*** Opening of Dataset extract ***

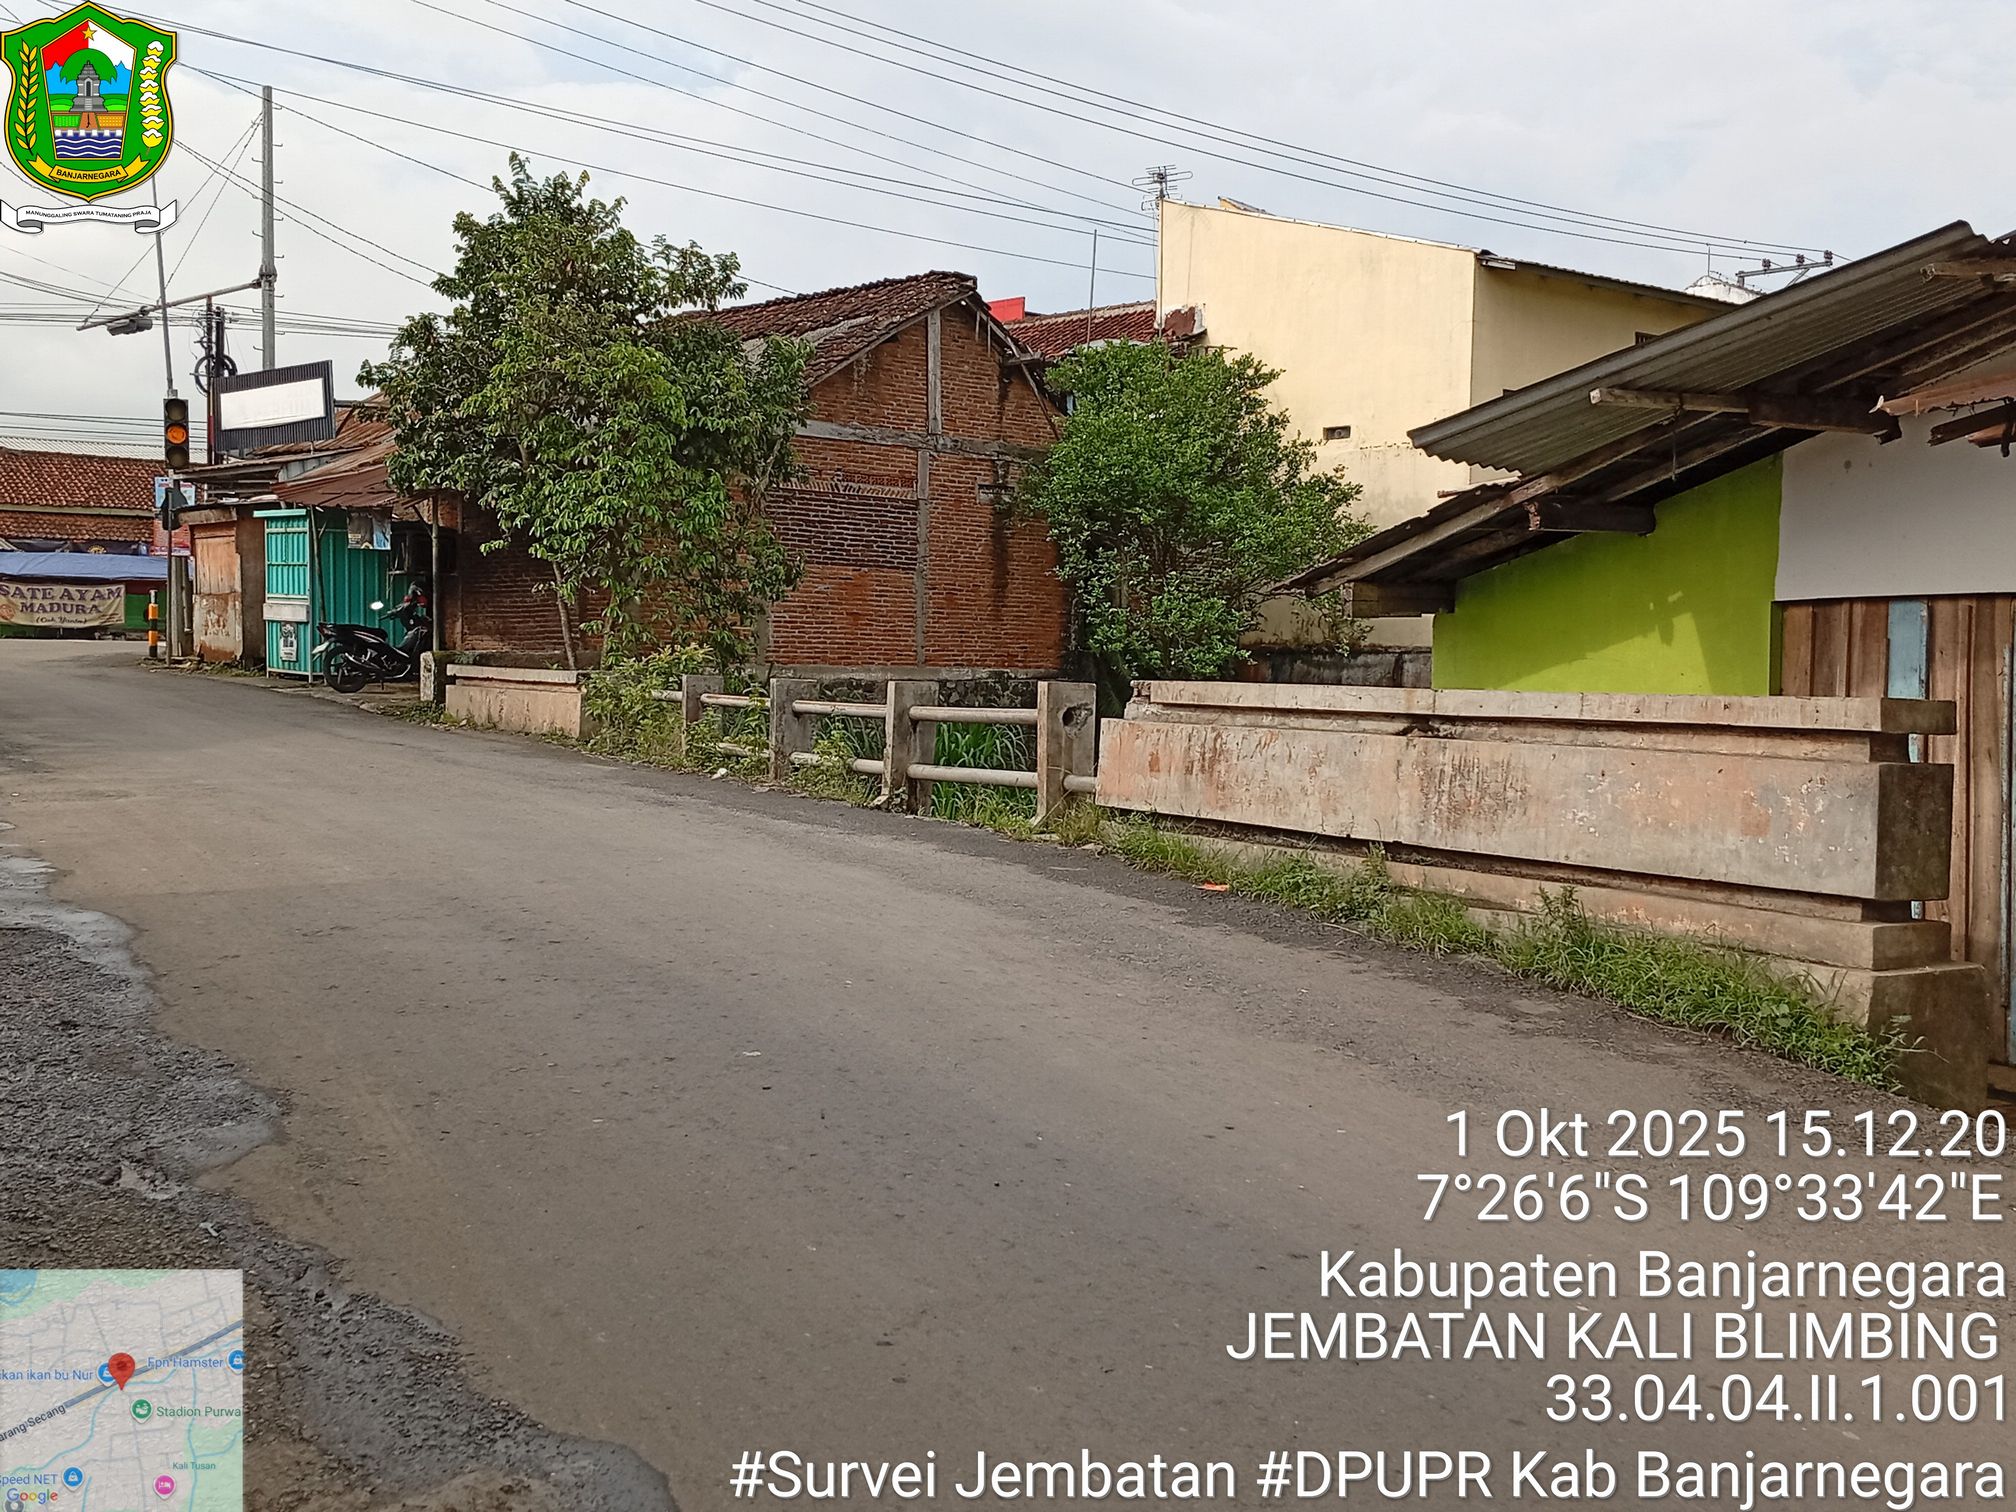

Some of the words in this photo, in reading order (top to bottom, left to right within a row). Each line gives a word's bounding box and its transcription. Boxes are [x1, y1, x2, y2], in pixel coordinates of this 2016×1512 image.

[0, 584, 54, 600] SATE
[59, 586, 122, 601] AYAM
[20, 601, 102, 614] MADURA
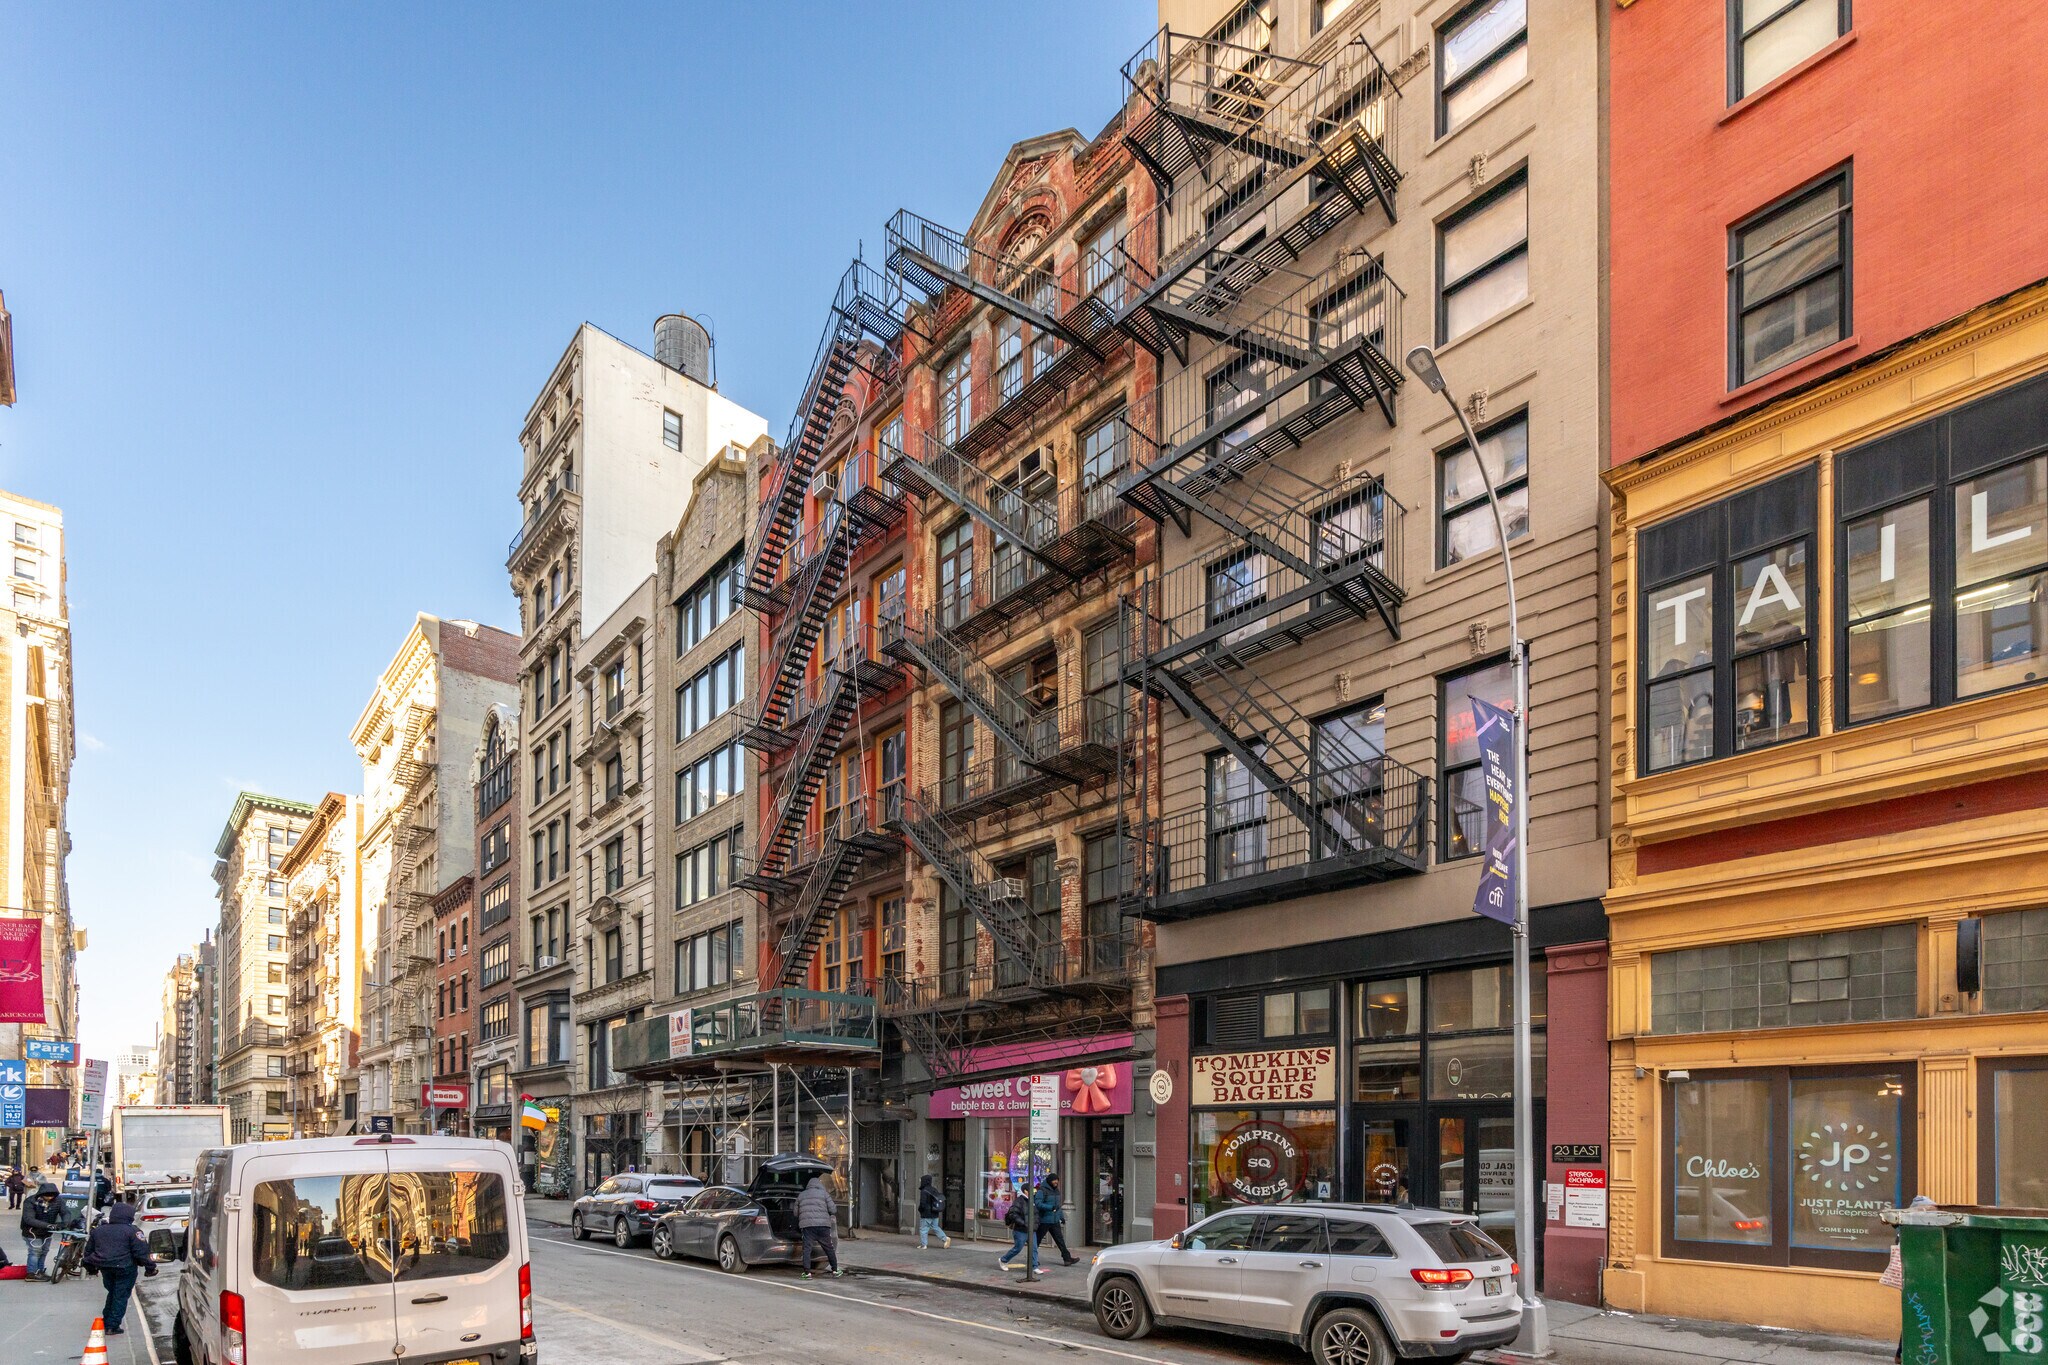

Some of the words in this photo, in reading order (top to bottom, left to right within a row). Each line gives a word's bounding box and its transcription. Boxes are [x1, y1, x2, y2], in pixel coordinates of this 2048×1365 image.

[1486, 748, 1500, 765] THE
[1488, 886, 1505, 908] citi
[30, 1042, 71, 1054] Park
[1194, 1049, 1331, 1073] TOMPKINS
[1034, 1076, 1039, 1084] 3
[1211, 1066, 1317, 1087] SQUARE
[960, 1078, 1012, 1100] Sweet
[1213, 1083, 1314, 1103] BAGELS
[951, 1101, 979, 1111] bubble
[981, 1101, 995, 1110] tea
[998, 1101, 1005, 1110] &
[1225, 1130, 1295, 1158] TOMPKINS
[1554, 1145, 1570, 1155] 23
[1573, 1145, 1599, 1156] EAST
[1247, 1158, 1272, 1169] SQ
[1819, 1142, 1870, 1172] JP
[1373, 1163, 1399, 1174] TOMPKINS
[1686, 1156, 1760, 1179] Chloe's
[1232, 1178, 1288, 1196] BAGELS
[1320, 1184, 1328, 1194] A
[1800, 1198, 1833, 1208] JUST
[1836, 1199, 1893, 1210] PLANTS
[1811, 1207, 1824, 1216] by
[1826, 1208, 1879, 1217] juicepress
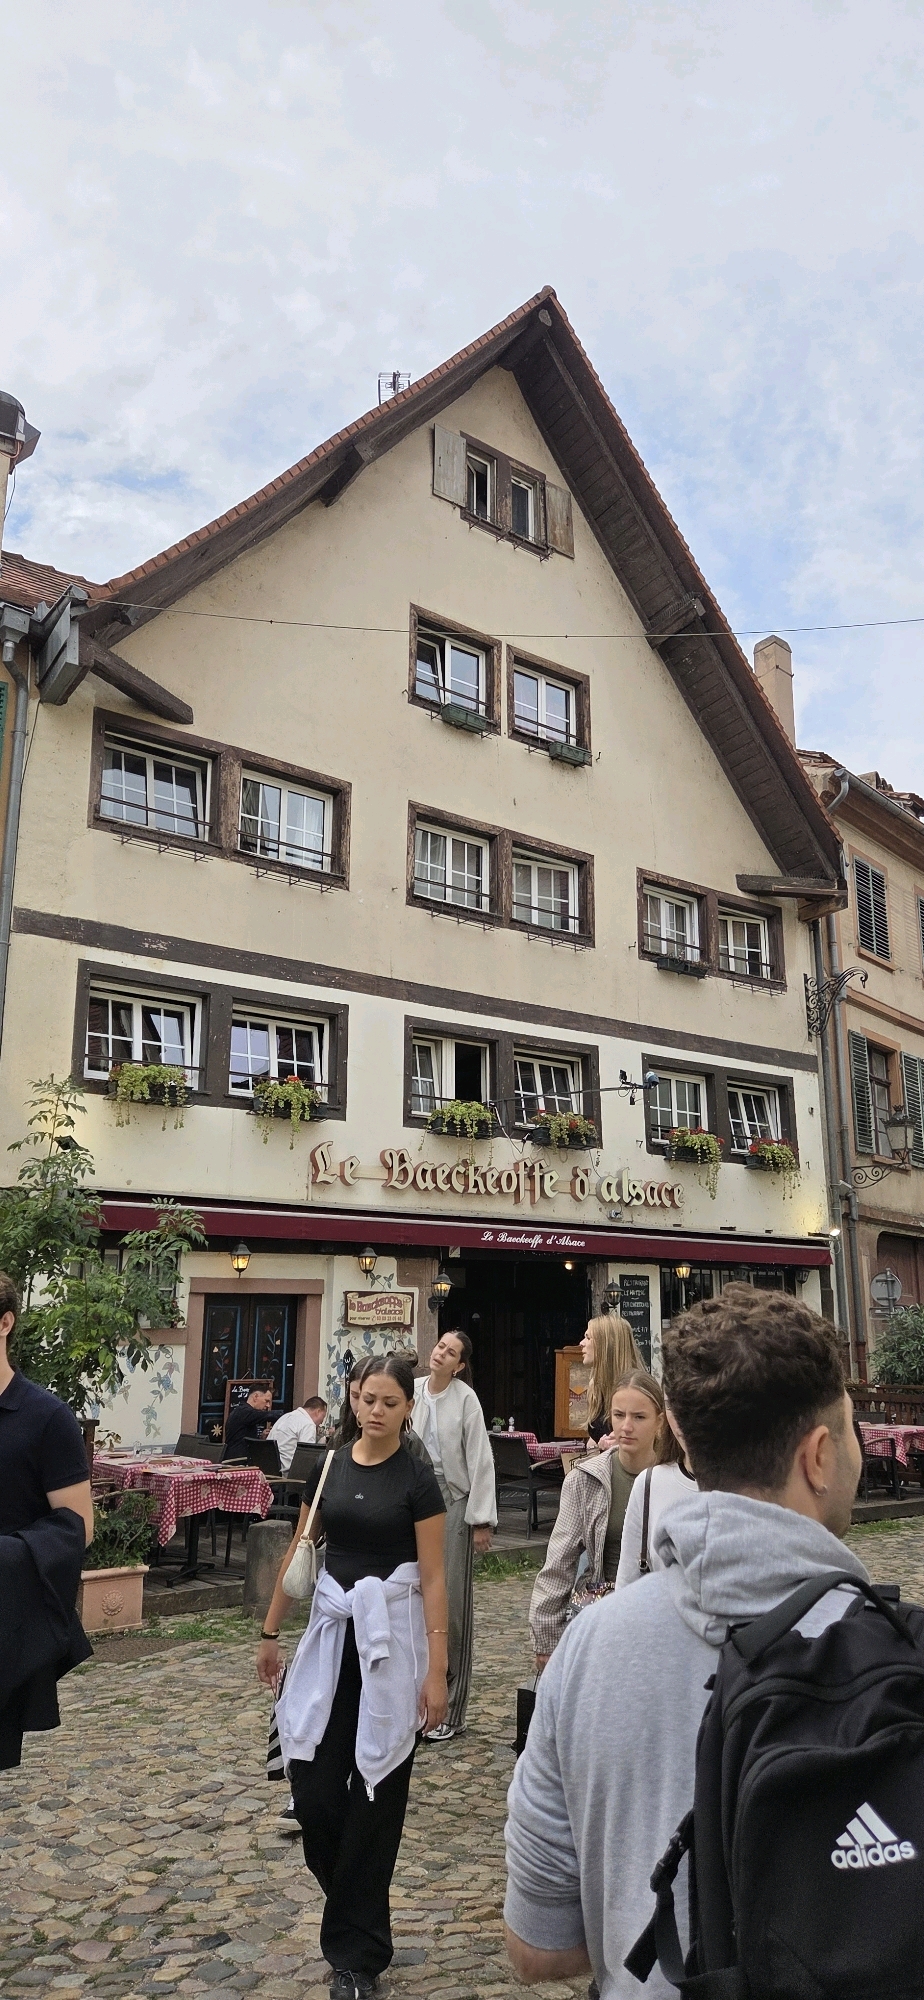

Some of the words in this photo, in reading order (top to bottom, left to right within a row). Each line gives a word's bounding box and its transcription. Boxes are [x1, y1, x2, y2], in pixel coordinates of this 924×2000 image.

*** Close of Dataset extract ***

* **Assignment**: Exclude the pictures and write out exactly the lines from the one holding "this 2048×1365 image." through the end of the entries, inclusive, and only those.

* **Task result**:
Some of the words in this photo, in reading order (top to bottom, left to right within a row). Each line gives a word's bounding box and its transcription. Boxes are [x1, y1, x2, y2], in pixel coordinates of this 2048×1365 image.

[1486, 748, 1500, 765] THE
[1488, 886, 1505, 908] citi
[30, 1042, 71, 1054] Park
[1194, 1049, 1331, 1073] TOMPKINS
[1034, 1076, 1039, 1084] 3
[1211, 1066, 1317, 1087] SQUARE
[960, 1078, 1012, 1100] Sweet
[1213, 1083, 1314, 1103] BAGELS
[951, 1101, 979, 1111] bubble
[981, 1101, 995, 1110] tea
[998, 1101, 1005, 1110] &
[1225, 1130, 1295, 1158] TOMPKINS
[1554, 1145, 1570, 1155] 23
[1573, 1145, 1599, 1156] EAST
[1247, 1158, 1272, 1169] SQ
[1819, 1142, 1870, 1172] JP
[1373, 1163, 1399, 1174] TOMPKINS
[1686, 1156, 1760, 1179] Chloe's
[1232, 1178, 1288, 1196] BAGELS
[1320, 1184, 1328, 1194] A
[1800, 1198, 1833, 1208] JUST
[1836, 1199, 1893, 1210] PLANTS
[1811, 1207, 1824, 1216] by
[1826, 1208, 1879, 1217] juicepress

Some of the words in this photo, in reading order (top to bottom, left to right within a row). Each line gives a word's bounding box and its transcription. Boxes are [x1, y1, x2, y2], in pixel coordinates of this 924×2000 image.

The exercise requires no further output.